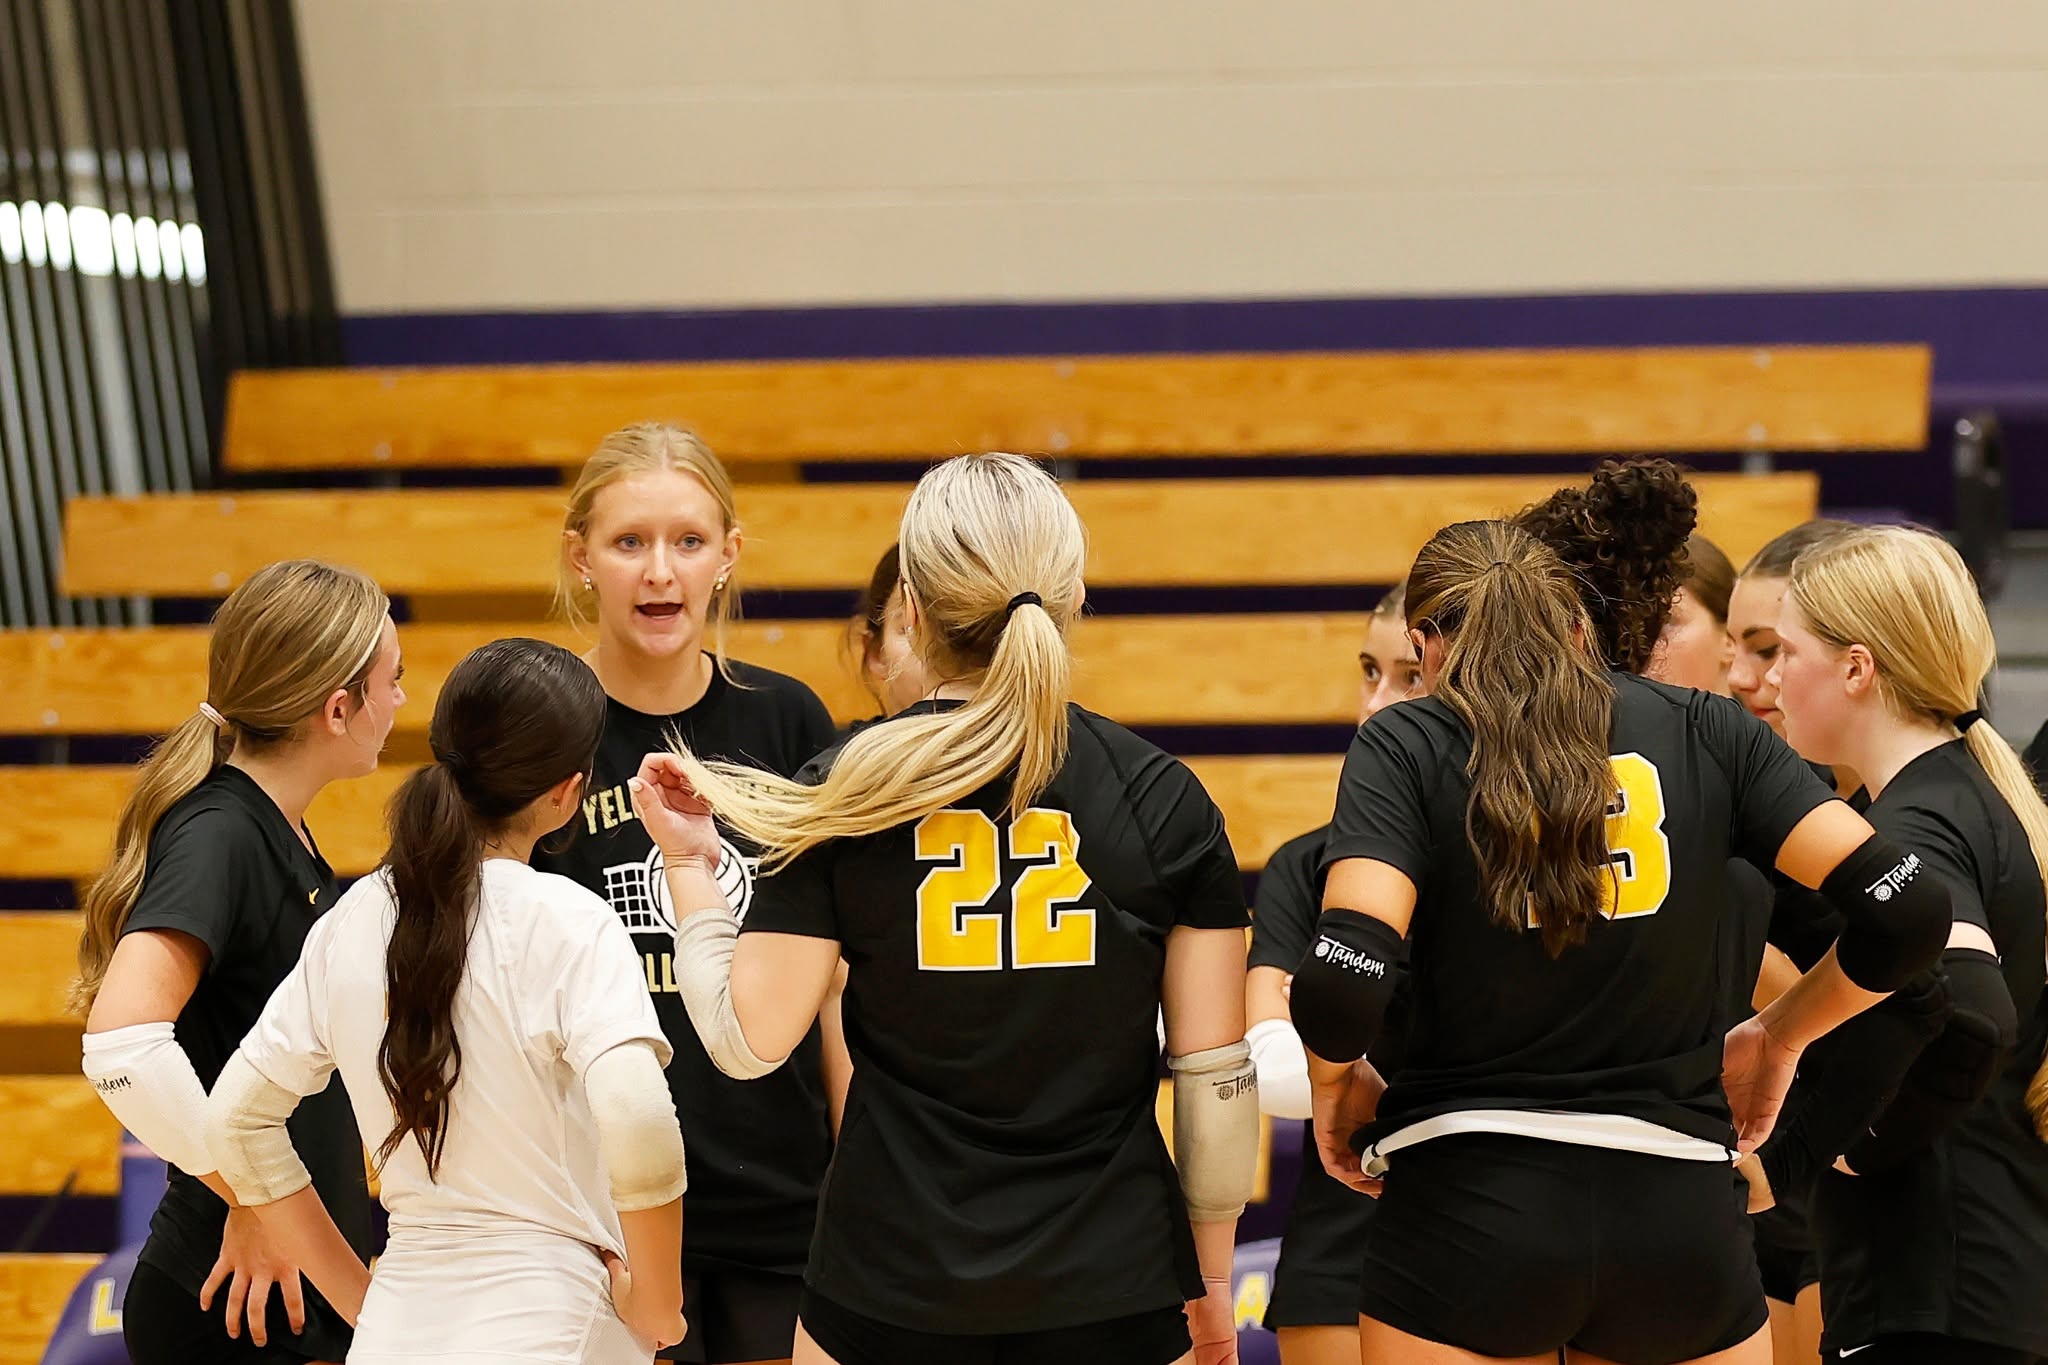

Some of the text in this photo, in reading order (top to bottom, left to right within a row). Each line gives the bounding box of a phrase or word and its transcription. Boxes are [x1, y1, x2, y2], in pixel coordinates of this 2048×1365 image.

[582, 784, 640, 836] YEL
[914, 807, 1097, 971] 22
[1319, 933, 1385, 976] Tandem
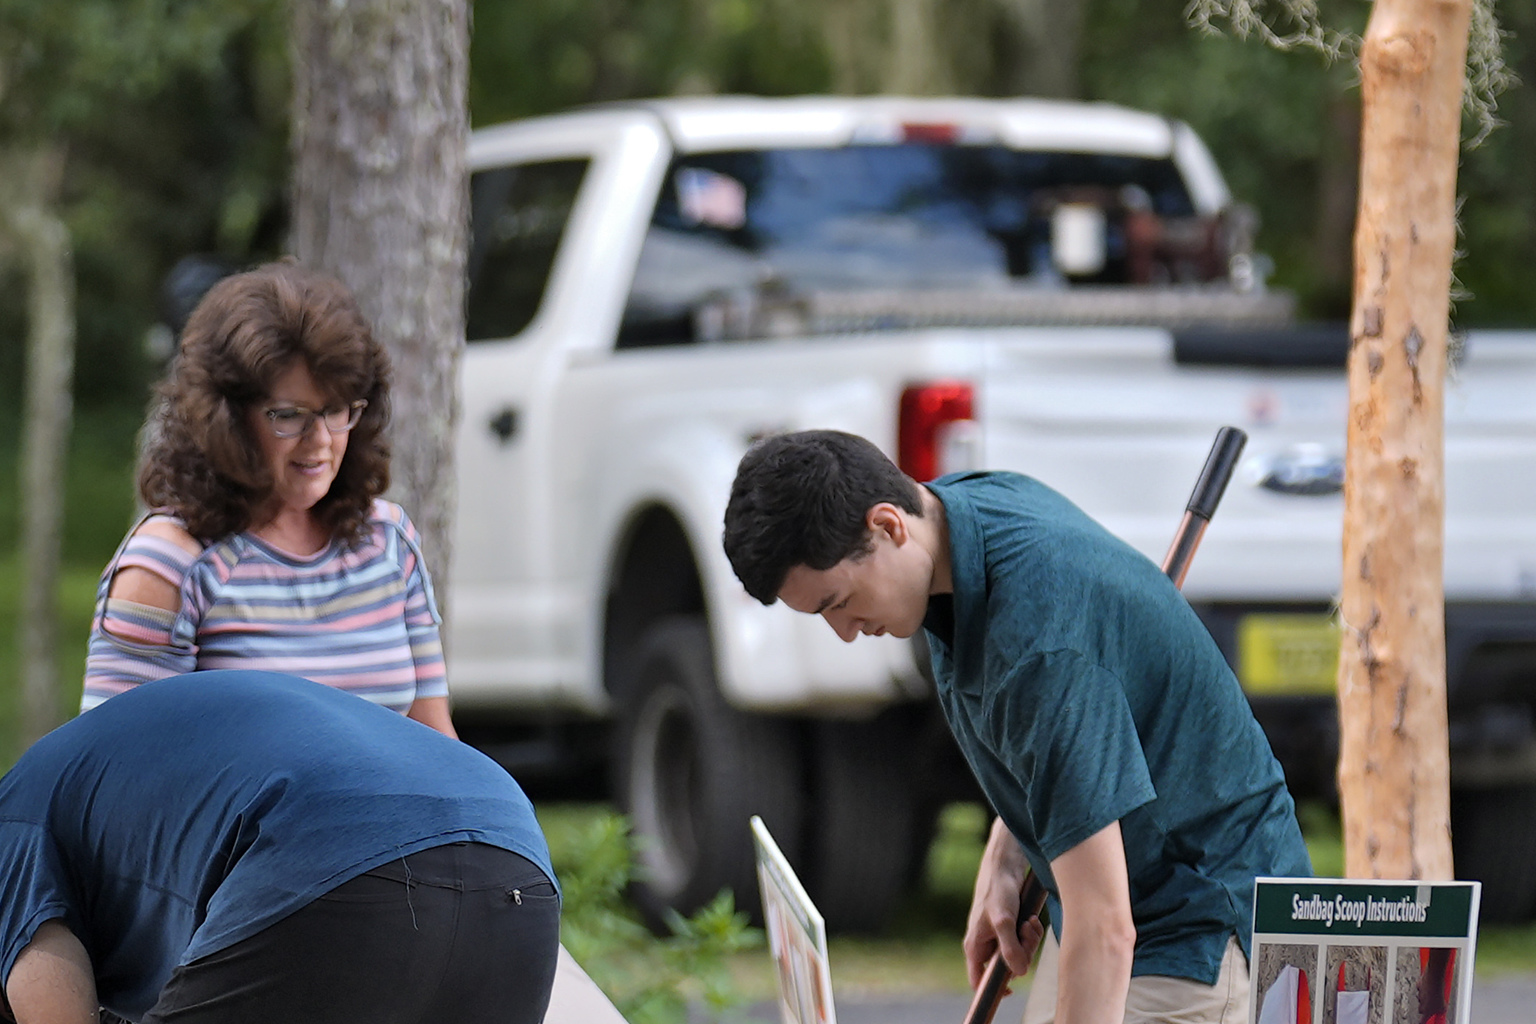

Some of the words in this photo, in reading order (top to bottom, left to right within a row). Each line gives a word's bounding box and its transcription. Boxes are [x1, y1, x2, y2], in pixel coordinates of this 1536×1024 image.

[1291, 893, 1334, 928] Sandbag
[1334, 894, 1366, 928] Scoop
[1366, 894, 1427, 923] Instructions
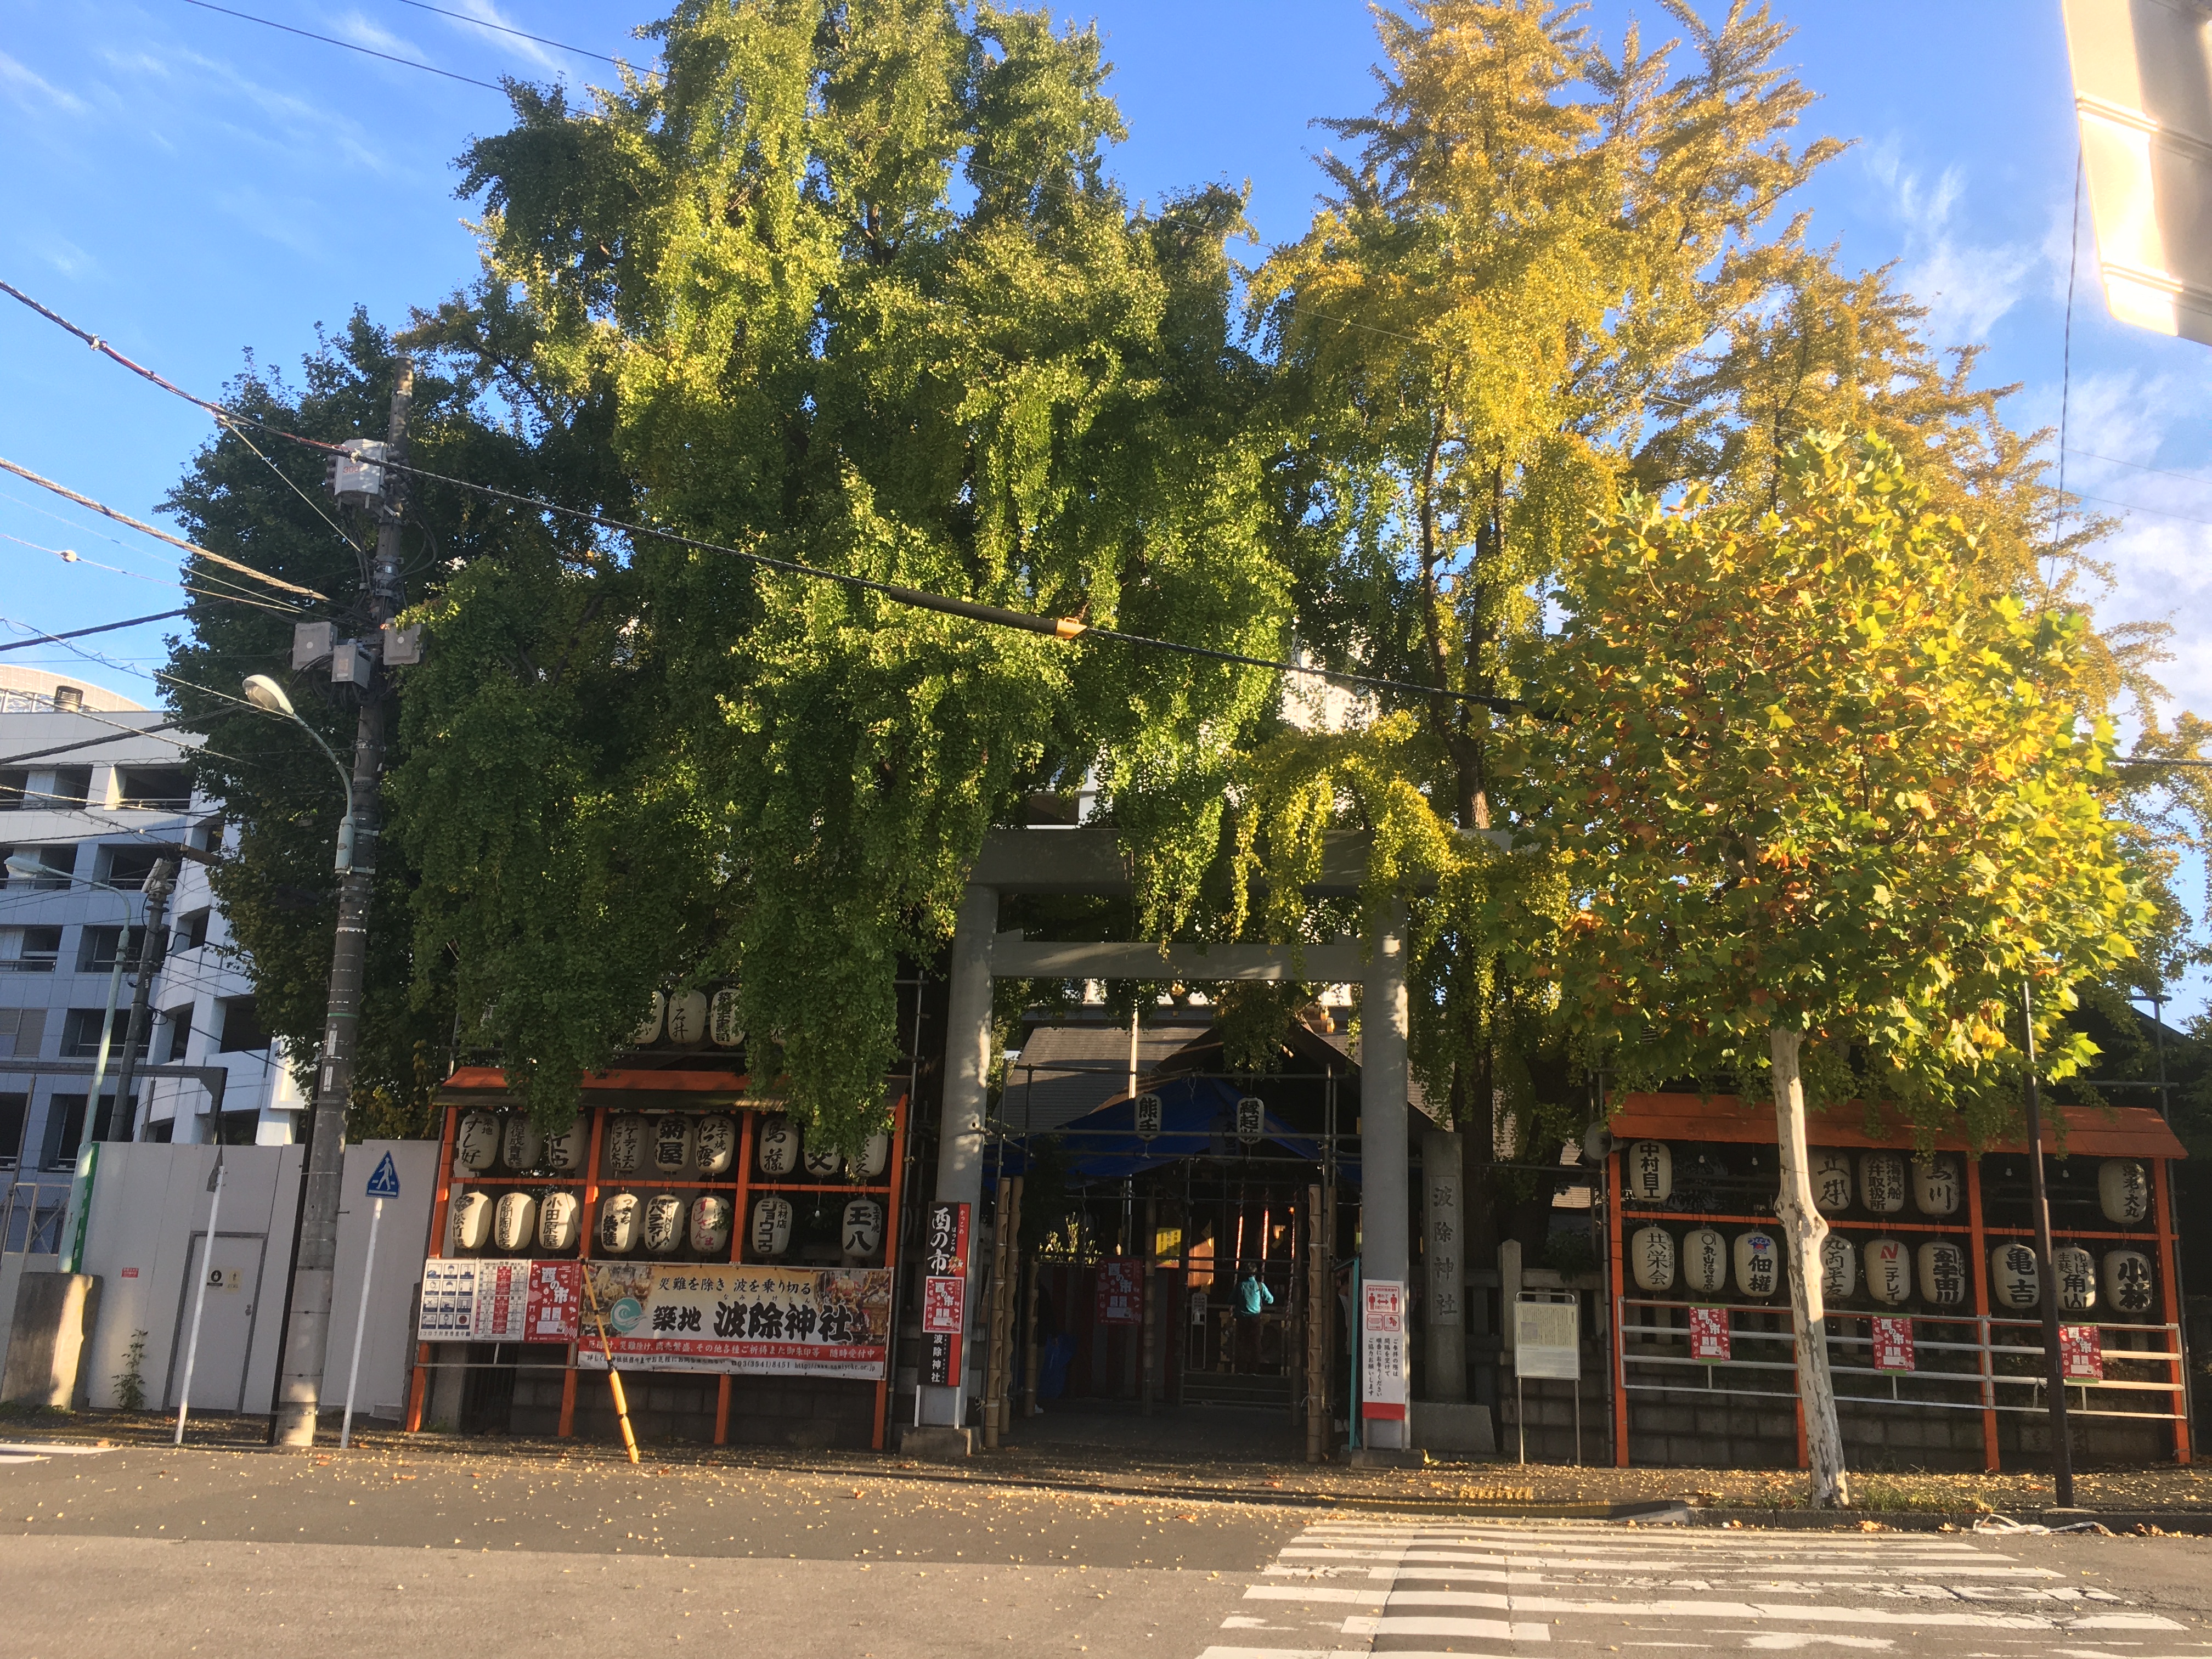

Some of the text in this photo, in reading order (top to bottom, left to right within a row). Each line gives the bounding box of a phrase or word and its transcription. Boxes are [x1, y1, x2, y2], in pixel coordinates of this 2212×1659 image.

::::

Retype all entries exactly, without the images.

Some of the text in this photo, in reading order (top to bottom, left to right within a row). Each line gives the bounding box of a phrase or word and its transcription. Boxes are [x1, y1, x2, y2], in pixel coordinates of this 2048×1365 image.

[582, 784, 640, 836] YEL
[914, 807, 1097, 971] 22
[1319, 933, 1385, 976] Tandem

Some of the words in this photo, in reading order (top to bottom, left to right within a row). Each line gives a word's bounding box and its transcription. Boxes are [x1, y1, x2, y2], in pixel coordinates of this 1536×1024 image.

[1291, 893, 1334, 928] Sandbag
[1334, 894, 1366, 928] Scoop
[1366, 894, 1427, 923] Instructions

Some of the text in this photo, in reading order (top to bottom, left to right within a row). Each line gives the bounding box of a phrase or word and its transcription. Boxes are [x1, y1, x2, y2], in pixel coordinates of this 2212×1659 image.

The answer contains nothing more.